Réduire les pertes et les invendus : l'argent qui part sans apparaître dans vos charges

Dans la restauration, le taux de perte alimentaire tourne entre 8 et 15% du coût matières selon les établissements (données FoodService Vision, secteur restauration commerciale France). Pour un restaurant avec 3 000 € d'achats mensuels, c'est entre 240 et 450 € jetés chaque mois — soit 2 880 à 5 400 € par an. Ces pertes n'apparaissent pas comme une ligne de charge visible. Elles gonflent silencieusement votre coût matières et écrasent votre marge.

Le diagnostic se fait en deux étapes. D'abord, calculez votre ratio matières réel : achats du mois ÷ CA du mois. Comparez-le à votre ratio théorique (ce que vous devriez consommer selon vos recettes et vos ventes). Un écart de plus de 3 points signale une fuite — pertes, vols, erreurs de portion, ou mauvaise gestion des stocks.

Ensuite, identifiez les 3 références qui génèrent le plus de pertes. Ce sont presque toujours les mêmes : produits frais à rotation lente, préparations non vendues en fin de service, matières premières achetées en trop grande quantité. Réduire les commandes sur ces références de 20% pendant un mois, puis ajuster, est plus efficace que n'importe quel logiciel de gestion de stock.

Revoir la structure de vos charges fixes sans toucher au cœur de l'activité

Les charges fixes sont perçues comme incompressibles. C'est faux dans la majorité des cas. Un audit rapide de vos abonnements, contrats et forfaits révèle presque toujours entre 5 et 12% d'économies sans impact sur l'activité.

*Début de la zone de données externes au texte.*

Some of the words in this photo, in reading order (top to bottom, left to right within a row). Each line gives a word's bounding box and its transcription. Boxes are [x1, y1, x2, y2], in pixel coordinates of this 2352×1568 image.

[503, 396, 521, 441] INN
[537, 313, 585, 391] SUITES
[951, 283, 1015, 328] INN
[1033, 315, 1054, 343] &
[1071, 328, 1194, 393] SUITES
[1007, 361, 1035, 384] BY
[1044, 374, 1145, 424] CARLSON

Commencez par les contrats d'énergie et d'assurance. Les tarifs réglementés de l'électricité ont évolué plusieurs fois depuis 2022 ; un contrat signé il y a 3 ans n'est plus forcément compétitif. Même logique pour les assurances professionnelles : la prime peut avoir augmenté par tacite reconduction sans que les garanties aient changé. Demandez un devis concurrent chaque année, même si vous ne changez pas de prestataire — cela suffit souvent à obtenir un réajustement.

Les logiciels et abonnements SaaS méritent le même traitement. Listez tous vos abonnements mensuels ou annuels. Pour chacun, posez une question simple : est-ce que je l'ai utilisé au moins 10 fois le mois dernier ? Si non, résiliez. Si vous gérez vos devis et factures manuellement ou avec un outil surdimensionné, des solutions comme [e-notae](https://enotae.fr) permettent de générer des factures conformes sans inscription ni abonnement — ce qui supprime une ligne de charge fixe inutile.

Enfin, regardez vos charges URSSAF et provisions fiscales. Beaucoup de TPE provisionnent trop peu (et subissent un choc de trésorerie en fin d'année) ou trop (et immobilisent du cash inutilement). Un outil comme [Setvero](https://setvero.fr) calcule automatiquement les provisions à mettre de côté sur chaque encaissement, ce qui évite les mauvaises surprises sans bloquer de trésorerie.

Améliorer le mix produit sans changer votre offre

C'est le levier le moins exploité, et souvent le plus rapide. Votre catalogue actuel contient probablement des produits ou services avec des marges très différentes. Vendre davantage de vos références à forte marge — sans changer vos prix, sans ajouter de produits — augmente mécaniquement votre marge globale.

Le calcul s'appelle la marge pondérée. Prenez vos 10 références les plus vendues. Pour chacune, notez le volume vendu et la marge brute unitaire. Multipliez les deux pour obtenir la contribution marginale de chaque référence. Classez-les. Vous verrez presque toujours que 2 ou 3 références génèrent 60 à 70% de votre marge totale — et que certaines de vos meilleures ventes en volume sont vos moins bonnes en marge.

L'action concrète : mettez en avant vos références à forte marge dans votre espace de vente, votre carte ou votre devis type. Pas besoin de supprimer les autres. Il suffit de changer l'ordre d'affichage, de former vos équipes à recommander ces références en premier, ou de les placer en position centrale sur votre menu ou vitrine. Des études en restauration montrent qu'un plat placé en haut à droite d'une carte se vend 15 à 25% plus souvent que le même plat en bas à gauche — à prix identique.